With evolving customers who wanted more options for payment as well as ones exposed
to new online platforms, Virtual Markets looked to consolidate these stores and give them the
technology and capabilities to compete with emerging competition and retain their evolving
customer base, all while connecting them with suppliers and other collaborators. The problem is
not VM’s product, it is their revenue model. With the services they are delivering so cheaply,
they have not been able to turn a profit since they started in 2013.
Alternative Recommendations
VM could add logistics management to its product offerings, while striking deals with a
few large suppliers, promising business from all stores under VM’s umbrella. This would give
VM back a good bit of buyer power, allow them to raise their store’s margins and thus their own.
This would necessitate VM integrating something into their technology that connects these
suppliers with all their stores for logistical ease.
Logically Derived Recommendation
Another option for VM would be to create a consumer side of their store operators’ app.
VM calls themselves “The AirBnB of mom-and-pop stores.” The main driver behind AirBnB’s
success is their convenience with their app and massive accessibility. A consumer side of their
“VM Movile” app would allow consumers to view in-store inventory availabilities, engage in
online ordering with in-store pickup, write and see reviews for smaller stores, order special items
that may not be on hand, and allows for the possibility of these small stores to engage in same
day delivery of online orders. The benefits of the app not only help the efficiency and
convenience for the customer, but also would help the shops fight back against other online
platforms eating up market share. When measured with Keller’s Consumer-Based Equity Model,
VM would occupy the space of the third stage. They have already built brand salience because
they have great brand awareness and advertising therefore, customer knowledge is deep and
broad. They have a good performance record and a trustworthy company image. VM is known as
a company bent on helping small stores stay afloat in the changing retail space. Their next step is
to allow the customers to judge their credibility, quality, relevance and brand superiority on a
larger scale. The app would help facilitate moving to this next step.
Proactive Metrics
For this app to help VM turn a profit, many resources and capabilities must be captured
with its implementation. The app must act as a CRM database and help manage relationships.

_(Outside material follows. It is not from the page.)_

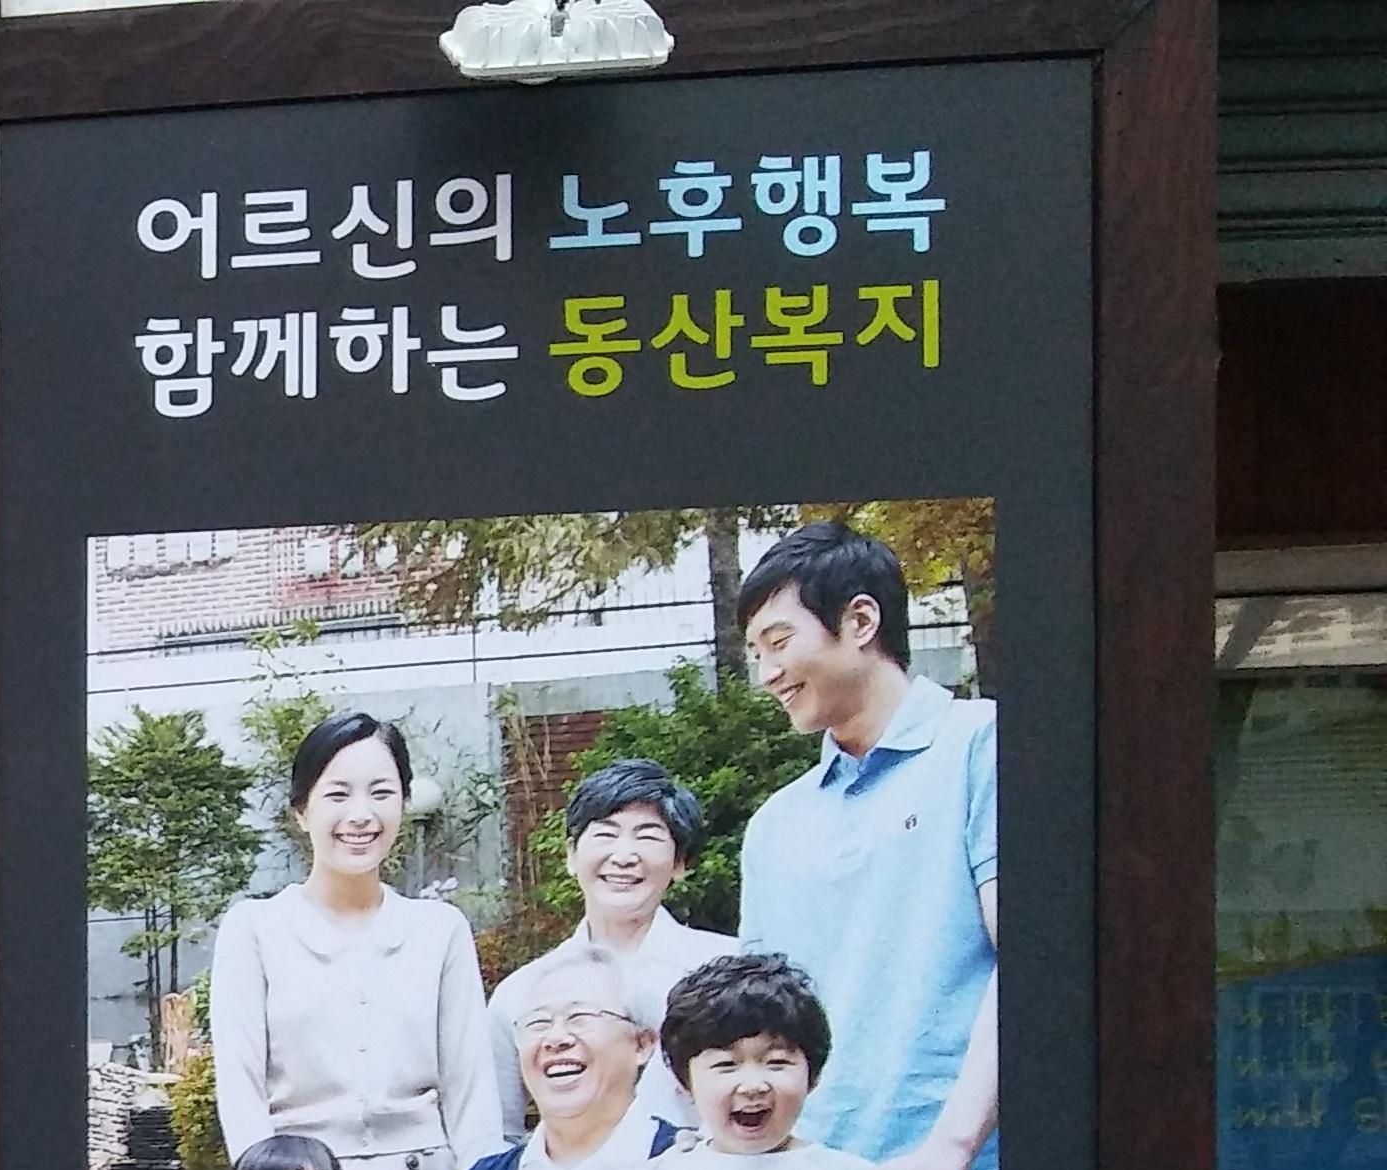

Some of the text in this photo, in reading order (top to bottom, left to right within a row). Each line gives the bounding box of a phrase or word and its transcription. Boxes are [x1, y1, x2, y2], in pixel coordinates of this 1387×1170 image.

[135, 149, 948, 280] 어르신의 노후행복
[134, 279, 943, 419] 함께하는 동산복지

High-quality research must be obtained to ensure that the app does not fail to become a
successful service enhancement. VM must also sustain their sales with high quality sales reps
and sales rep training. With VM not having made a profit, it will need funding for the research
and development of the app which may be a large issue.
Similarly, there are capabilities that must be harnessed to successfully launch a customer
side of the app. VM needs to have superior market sensing in order to be nimble and adaptive in
a market with a high rate of change. The company must also be capable of doing highly effective
marketing because they will be offering something straight to consumers for the first time and
will need to raise awareness around this. Barriers that stand in the way from VM being able to
progress their company and harness these resources and capabilities would be capital and
competition. They do not currently possess the capital needed to fund such a huge investment in
their company and they will be faced with tough competition from other online retailers.